▶ [Work instruction] Where the records contain images, omit them, and repeat everything else word for word.

= = = =

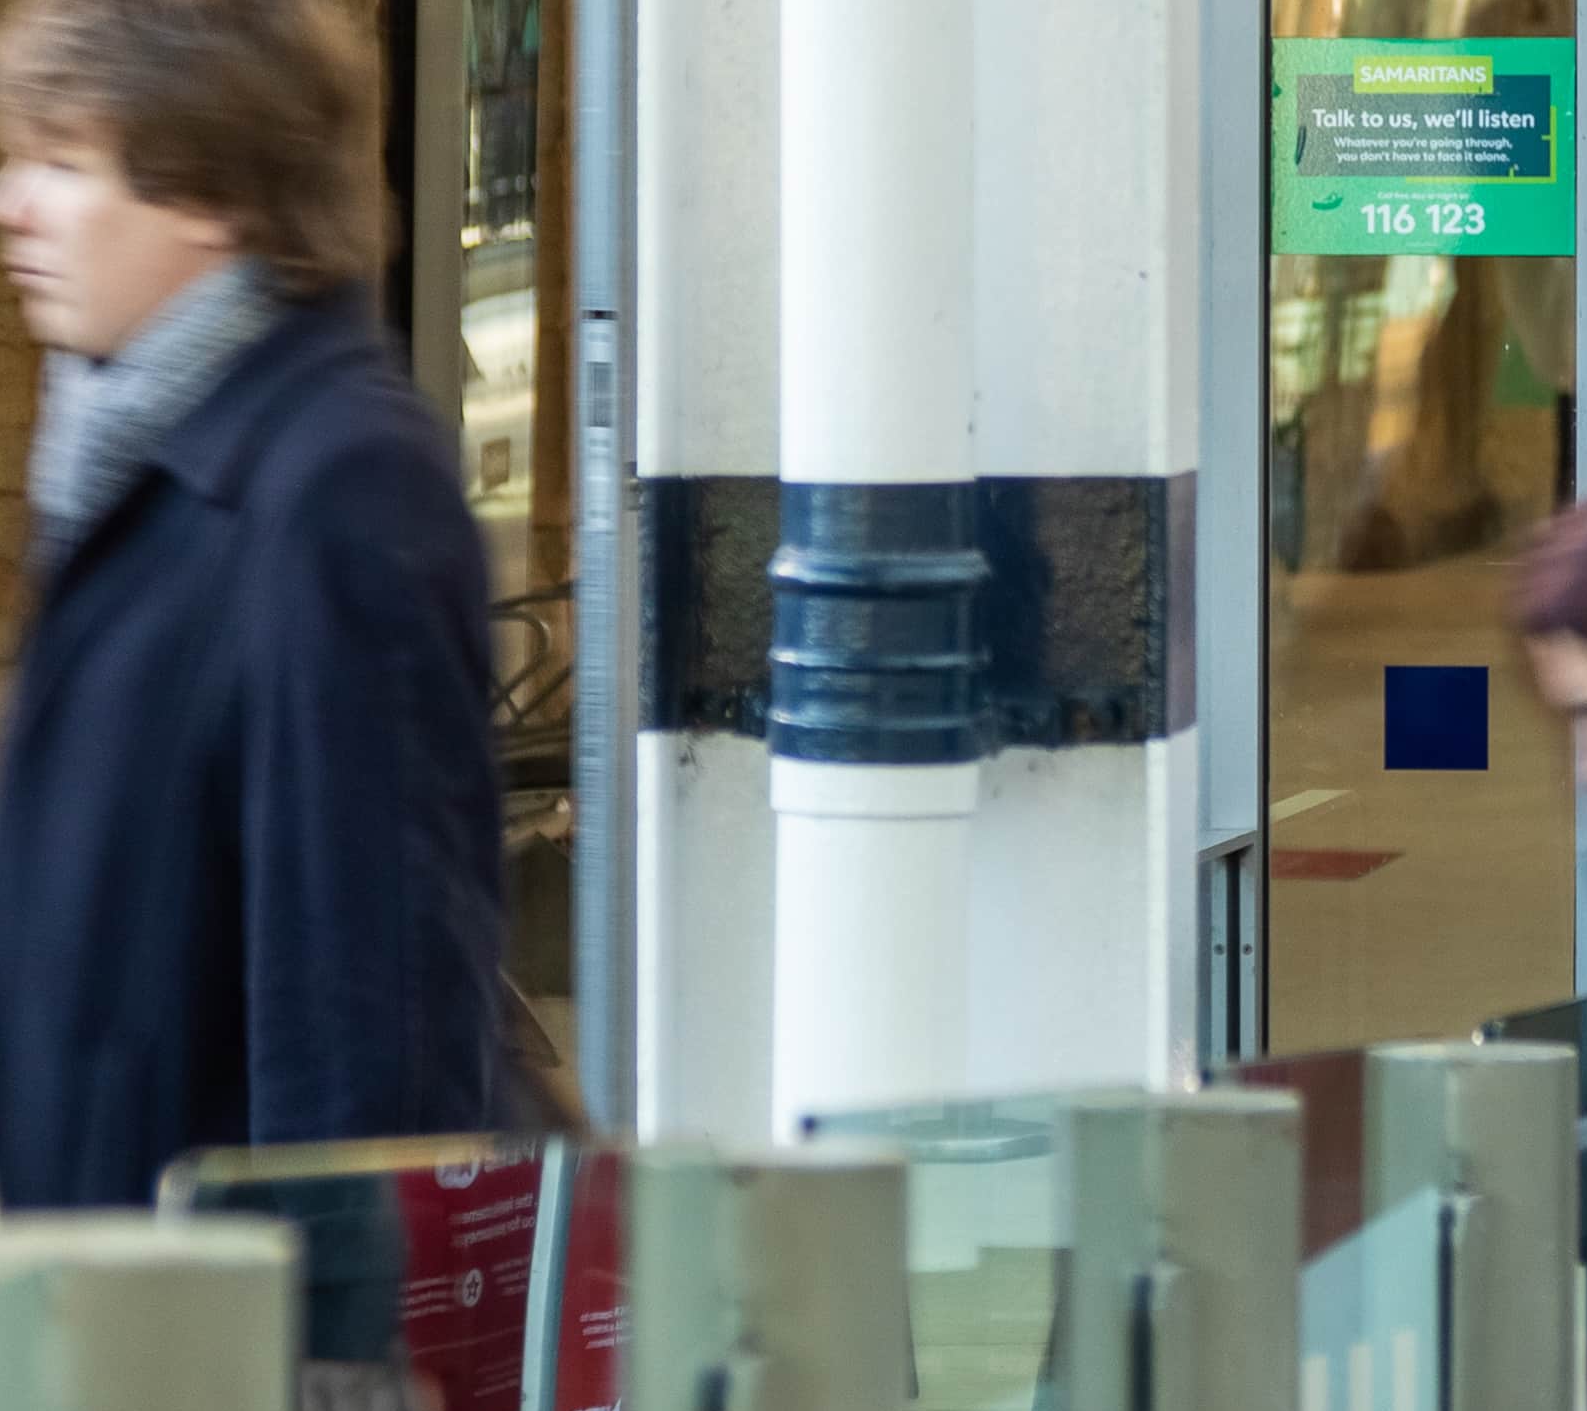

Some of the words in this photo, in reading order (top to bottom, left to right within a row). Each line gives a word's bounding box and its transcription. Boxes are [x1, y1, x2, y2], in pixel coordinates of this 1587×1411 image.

[1359, 65, 1487, 84] SAMARITANS
[1312, 108, 1355, 129] Talk
[1361, 111, 1384, 129] to
[1389, 112, 1417, 131] us,
[1423, 108, 1473, 129] we'll
[1478, 107, 1536, 129] listen
[1333, 136, 1389, 148] Whatever
[1429, 137, 1463, 150] going
[1465, 136, 1513, 151] through,
[1336, 152, 1358, 164] you
[1392, 150, 1421, 162] have
[1423, 151, 1436, 162] to
[1437, 150, 1463, 163] face
[1464, 150, 1473, 163] it
[1474, 151, 1511, 163] alone.
[1361, 203, 1417, 235] 116
[1424, 203, 1487, 235] 123
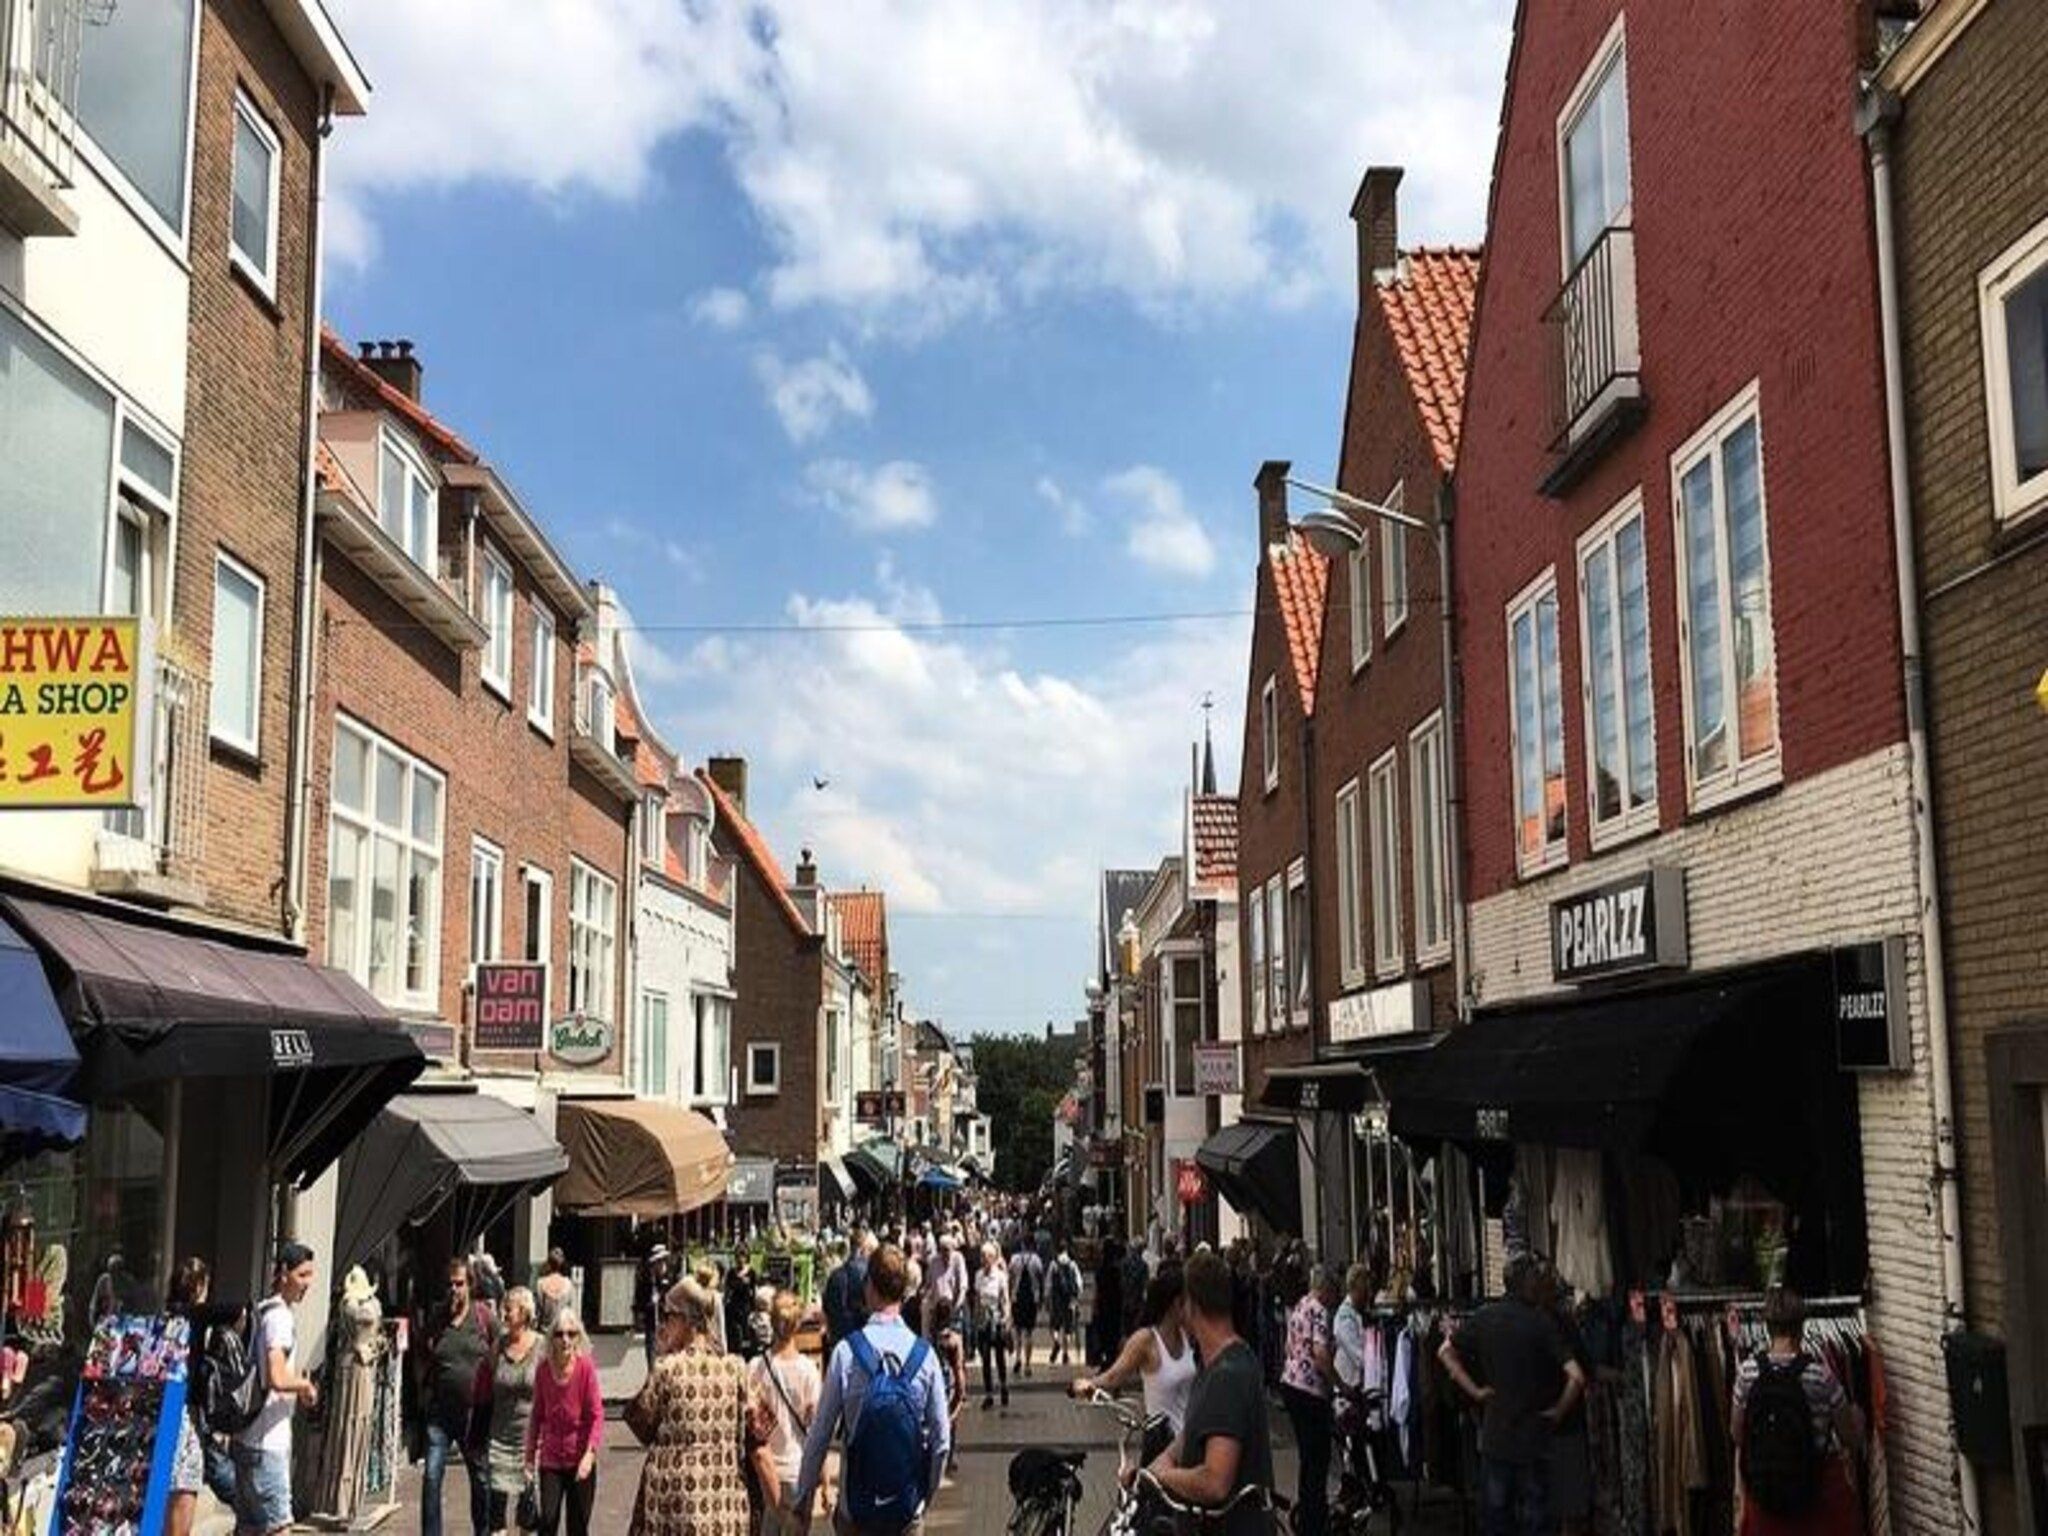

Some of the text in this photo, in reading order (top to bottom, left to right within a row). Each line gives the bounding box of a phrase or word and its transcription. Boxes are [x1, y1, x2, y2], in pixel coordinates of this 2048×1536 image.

[0, 627, 129, 672] HWA
[37, 682, 129, 714] SHOP
[1560, 886, 1647, 970] PEARLZZ
[485, 970, 537, 993] van
[1839, 991, 1886, 1019] PEARLZZ
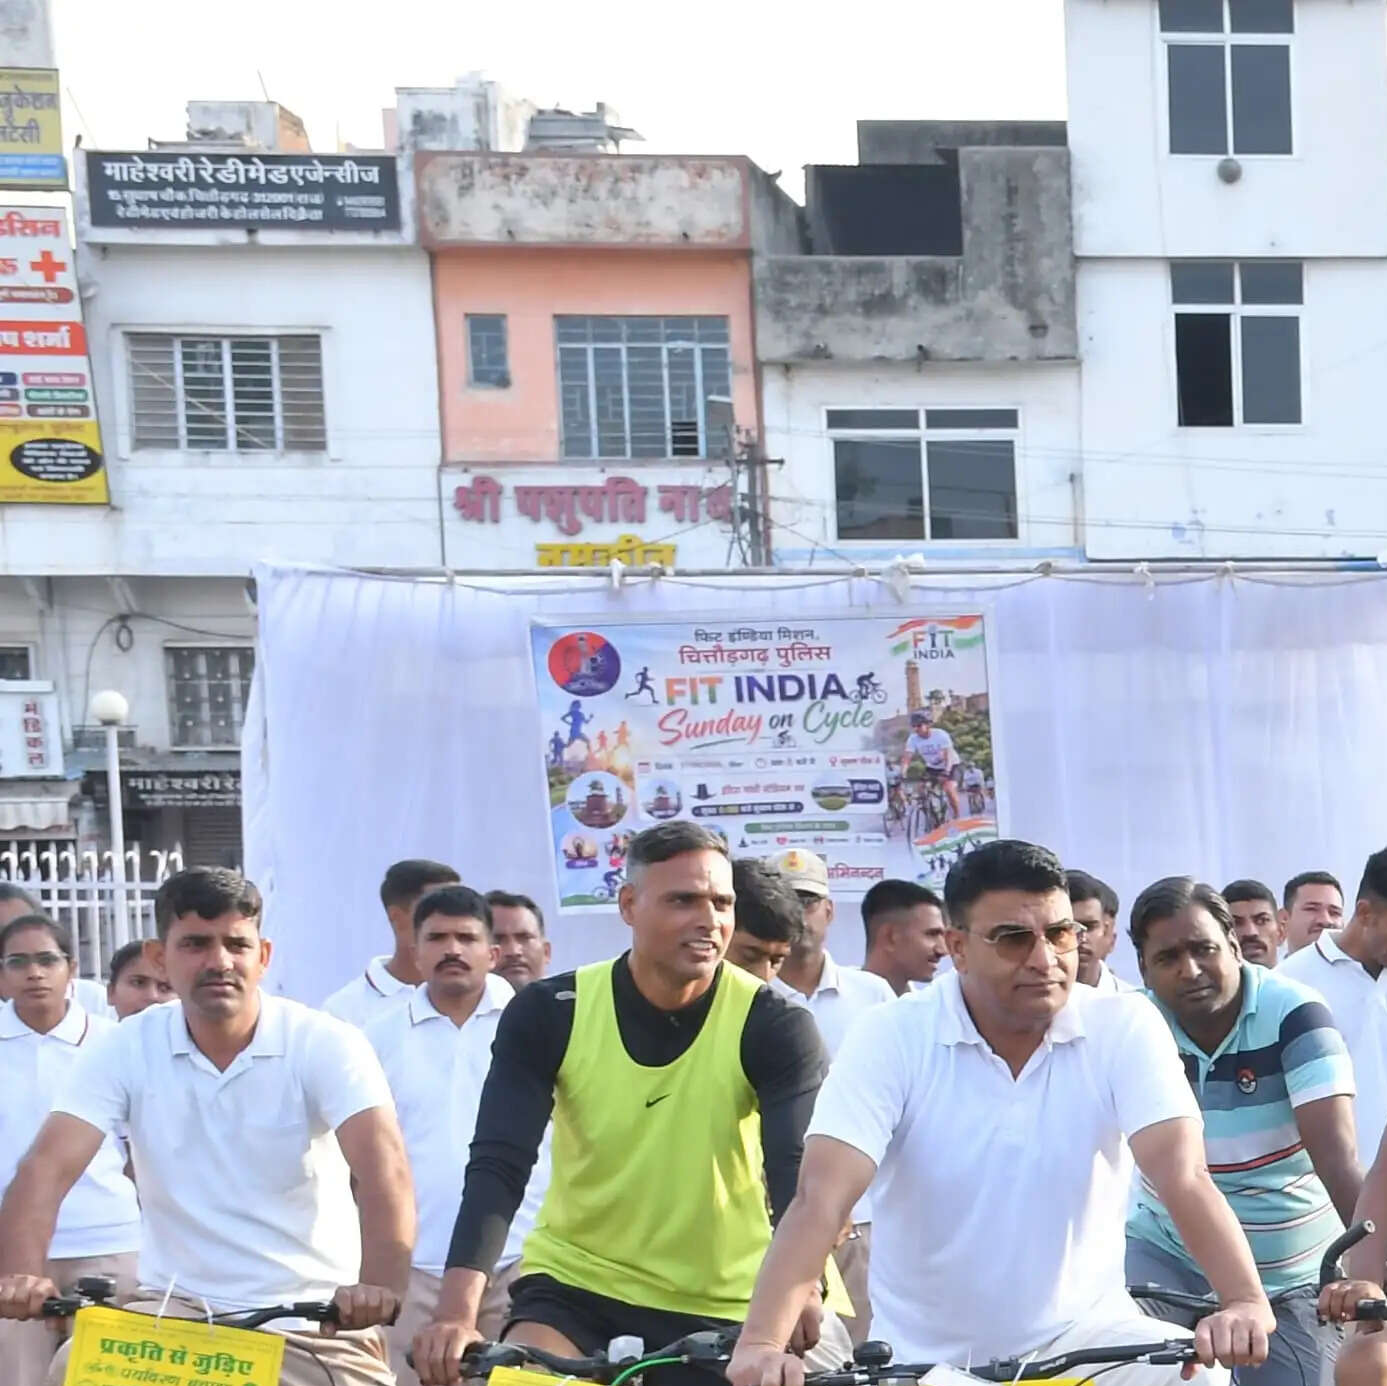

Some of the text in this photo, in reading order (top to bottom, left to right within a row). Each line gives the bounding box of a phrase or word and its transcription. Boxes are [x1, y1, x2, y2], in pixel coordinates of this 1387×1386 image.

= = = =

▶ [Answer for this exercise]
Some of the words in this photo, in reading order (top to bottom, left to right within a row). Each line gives a word's bounding box and its transcription. Boxes are [x1, y1, x2, y2], in pixel coordinates of this 1587×1411 image.

[1359, 65, 1487, 84] SAMARITANS
[1312, 108, 1355, 129] Talk
[1361, 111, 1384, 129] to
[1389, 112, 1417, 131] us,
[1423, 108, 1473, 129] we'll
[1478, 107, 1536, 129] listen
[1333, 136, 1389, 148] Whatever
[1429, 137, 1463, 150] going
[1465, 136, 1513, 151] through,
[1336, 152, 1358, 164] you
[1392, 150, 1421, 162] have
[1423, 151, 1436, 162] to
[1437, 150, 1463, 163] face
[1464, 150, 1473, 163] it
[1474, 151, 1511, 163] alone.
[1361, 203, 1417, 235] 116
[1424, 203, 1487, 235] 123

Some of the text in this photo, in reading order (top to bottom, left to right within a row). Each line gives the bounding box of a phrase or word and its transcription. Boxes are [x1, y1, x2, y2], in pixel coordinates of this 2048×1536 image.

[0, 627, 129, 672] HWA
[37, 682, 129, 714] SHOP
[1560, 886, 1647, 970] PEARLZZ
[485, 970, 537, 993] van
[1839, 991, 1886, 1019] PEARLZZ

Some of the text in this photo, in reading order (top to bottom, left to right within a row). Each line gives the bounding box of a phrase or word and its transcription. Boxes are [x1, y1, x2, y2], in pixel coordinates of this 1387×1386 image.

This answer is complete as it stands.